"""

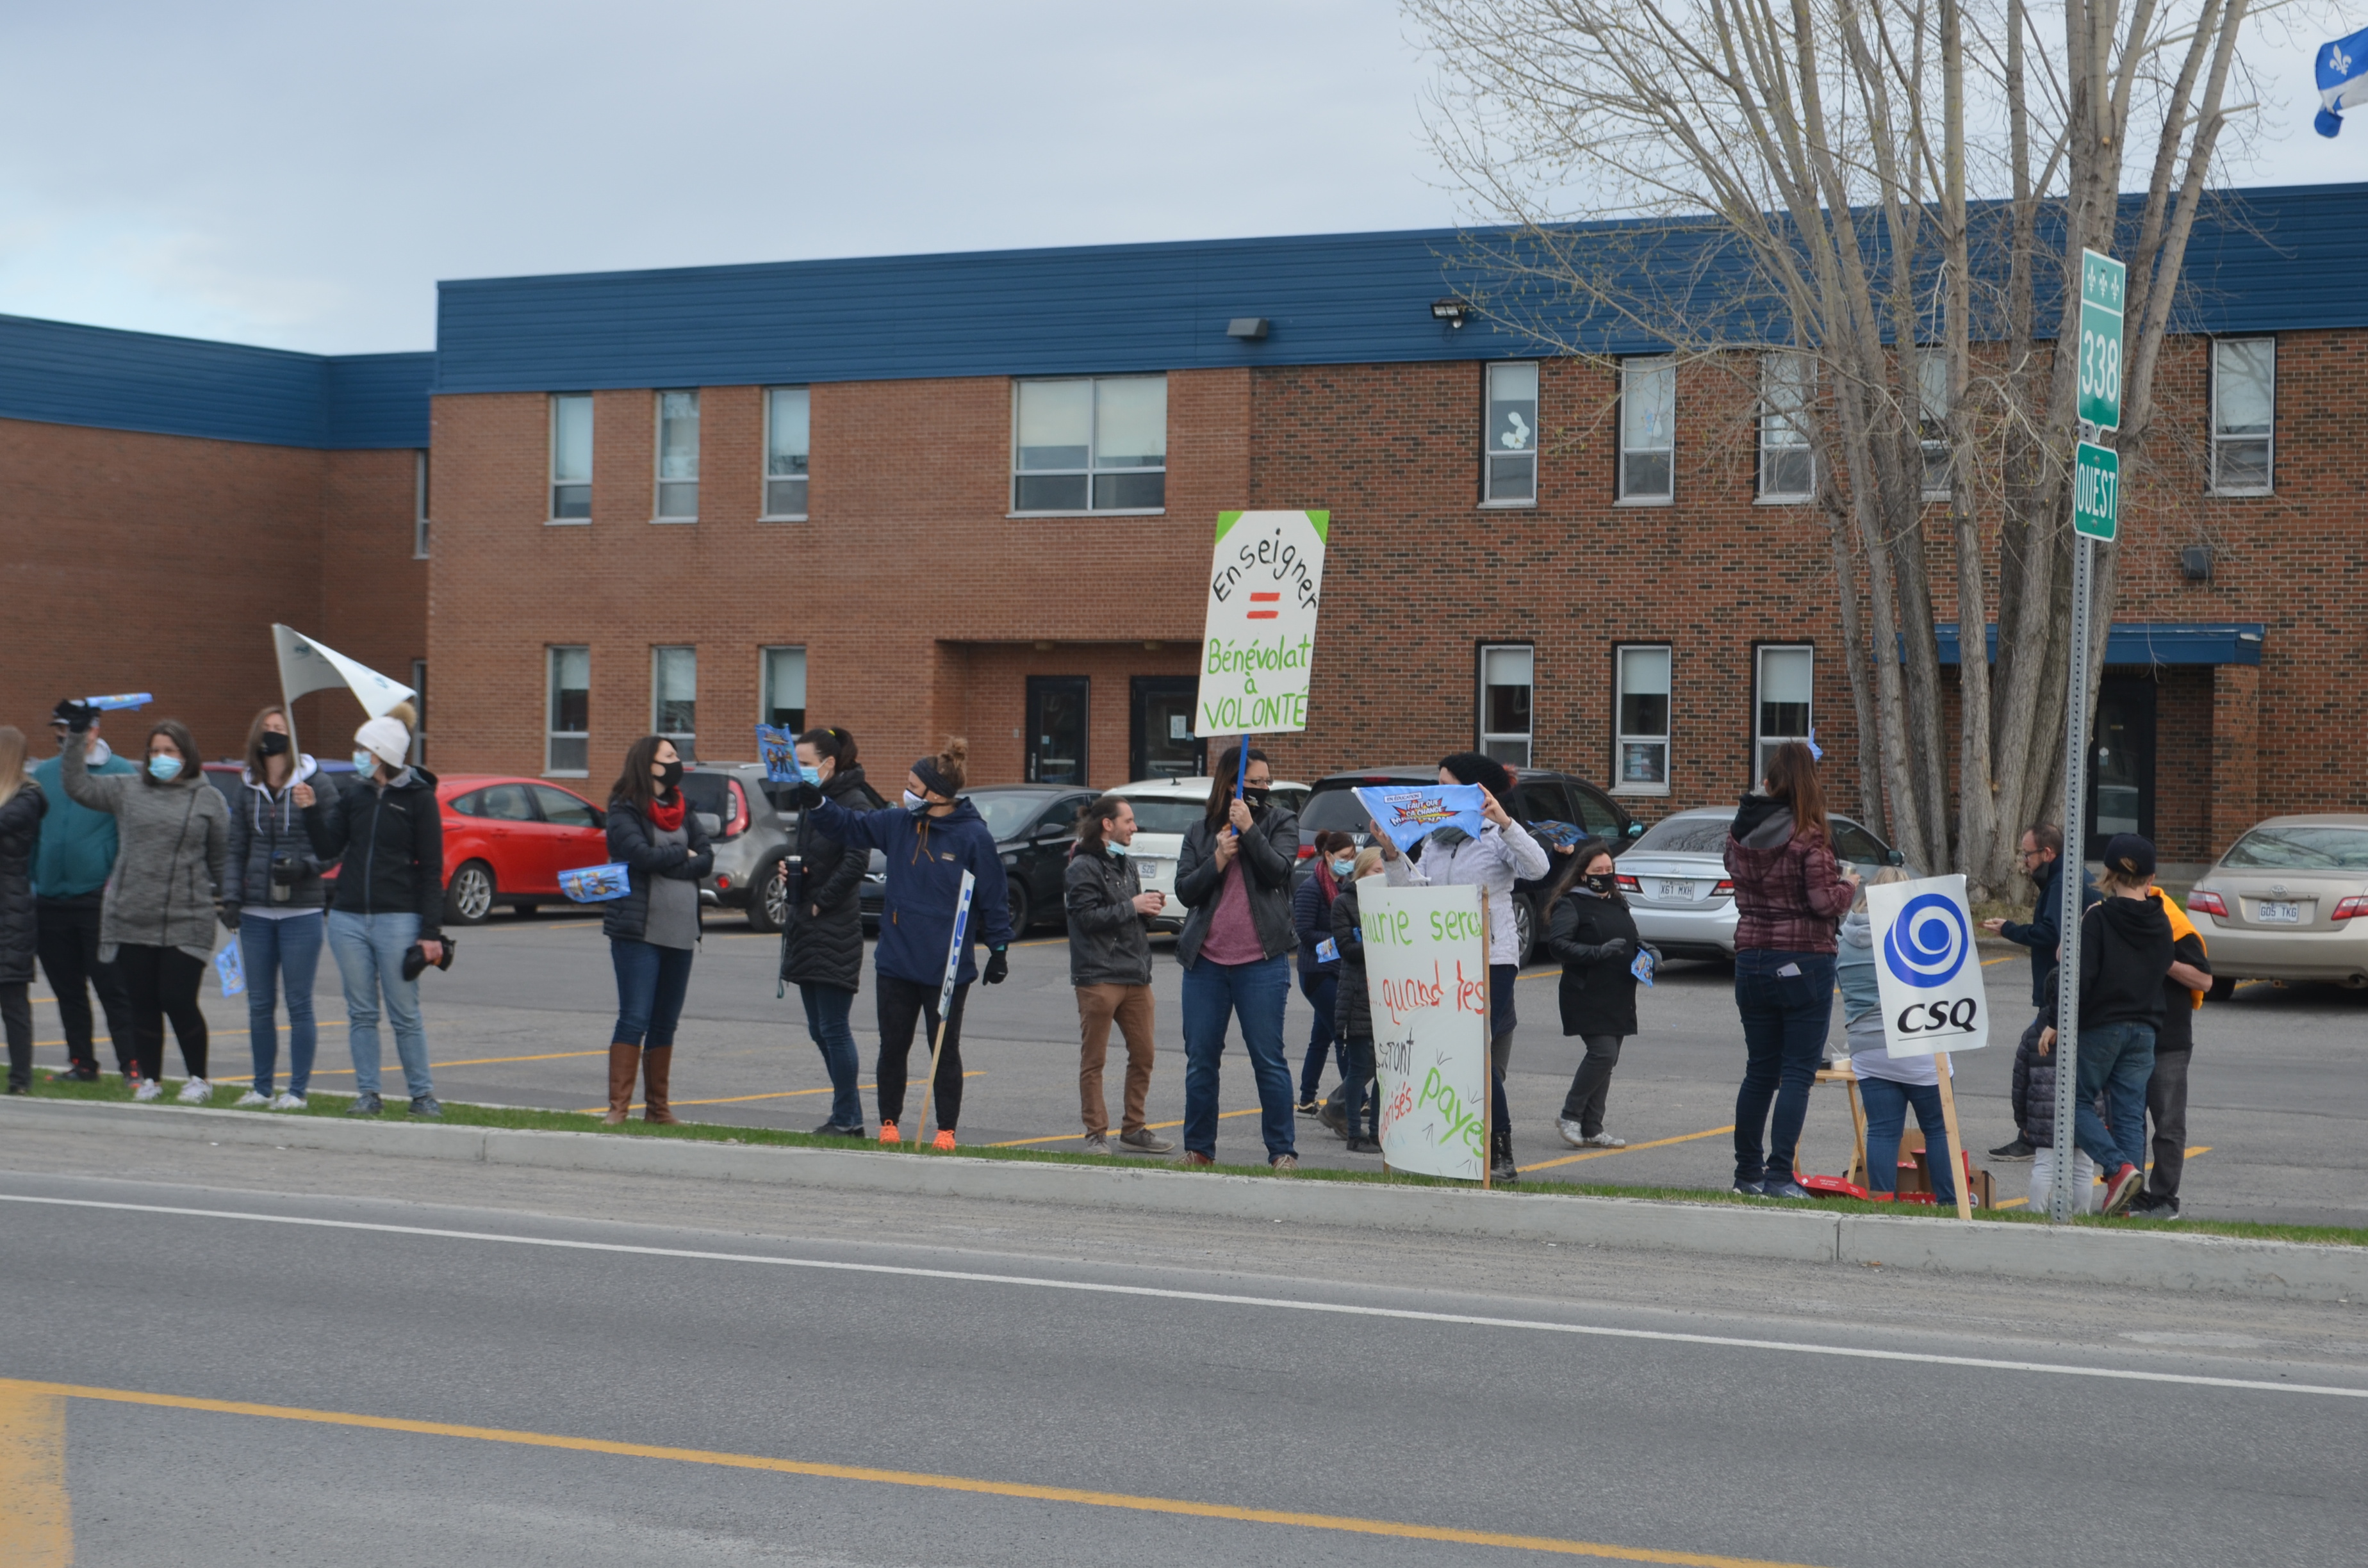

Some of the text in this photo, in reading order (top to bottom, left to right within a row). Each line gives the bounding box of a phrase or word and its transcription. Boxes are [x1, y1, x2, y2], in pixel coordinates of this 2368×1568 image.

[2082, 329, 2119, 402] 338
[2077, 462, 2116, 520] OUEST
[1213, 528, 1319, 609] Enseigner
[1208, 633, 1312, 674] Bénévolat
[1244, 671, 1258, 695] à
[1204, 685, 1309, 730] VOLONTÉ
[1407, 799, 1439, 810] FAUT QUE
[1417, 806, 1443, 816] CHANGE
[1661, 885, 1692, 896] X61 MXH
[1430, 910, 1483, 942] sera
[2282, 907, 2297, 918] TKG
[1897, 997, 1978, 1033] CSQ
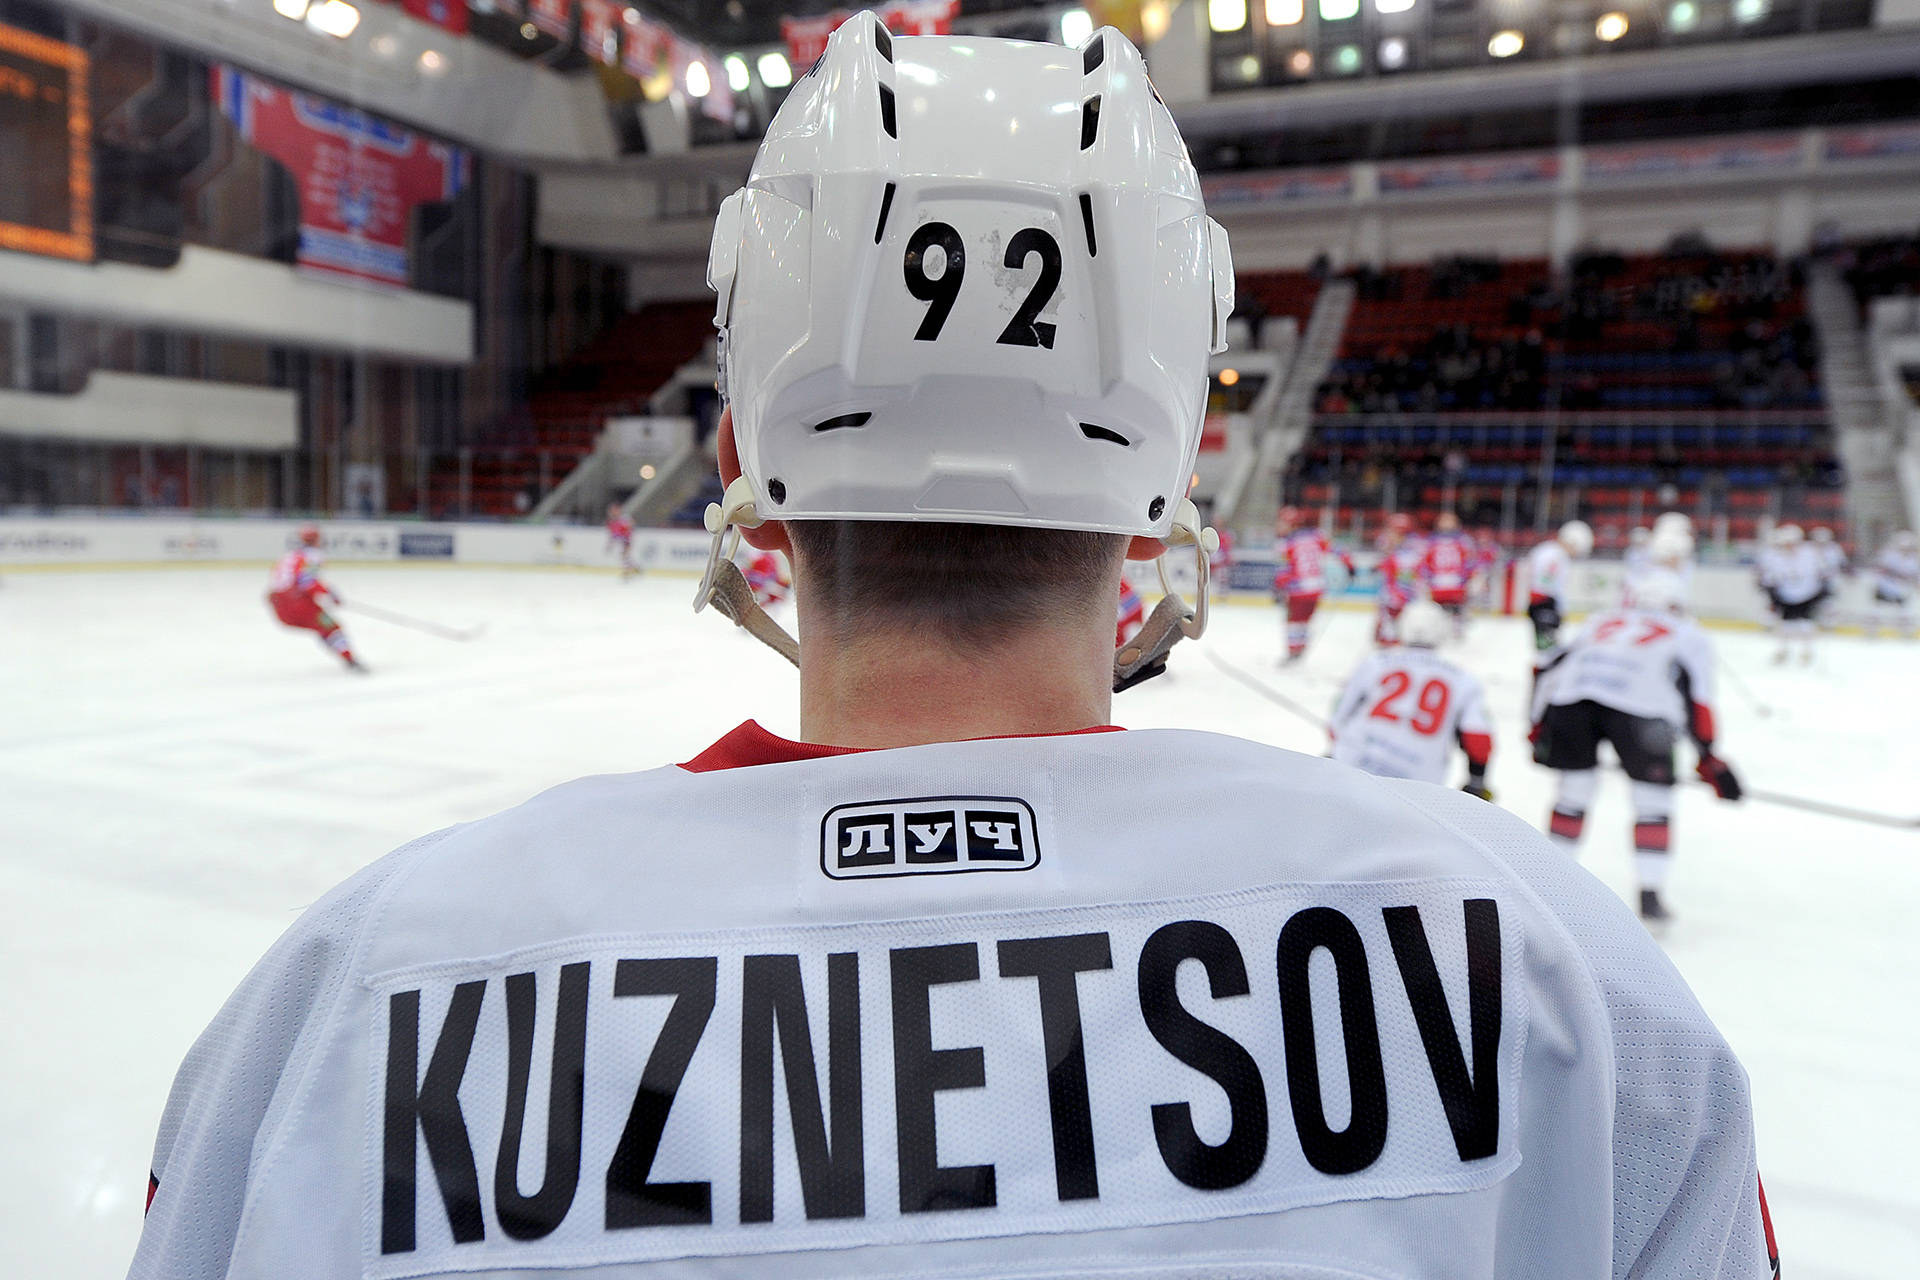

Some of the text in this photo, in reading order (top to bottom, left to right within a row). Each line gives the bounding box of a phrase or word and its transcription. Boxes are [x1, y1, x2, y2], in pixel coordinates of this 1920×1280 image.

[903, 221, 1064, 350] 92
[1369, 670, 1452, 736] 29
[381, 898, 1503, 1255] KUZNETSOV

"""

EXERCISE AIM: With both ends included, please retype exactly the lines from the line containing "this 1920×1280 image." to the final line of the data.

TASK SOLUTION:
Some of the text in this photo, in reading order (top to bottom, left to right within a row). Each line gives the bounding box of a phrase or word and its transcription. Boxes are [x1, y1, x2, y2], in pixel coordinates of this 1920×1280 image.

[903, 221, 1064, 350] 92
[1369, 670, 1452, 736] 29
[381, 898, 1503, 1255] KUZNETSOV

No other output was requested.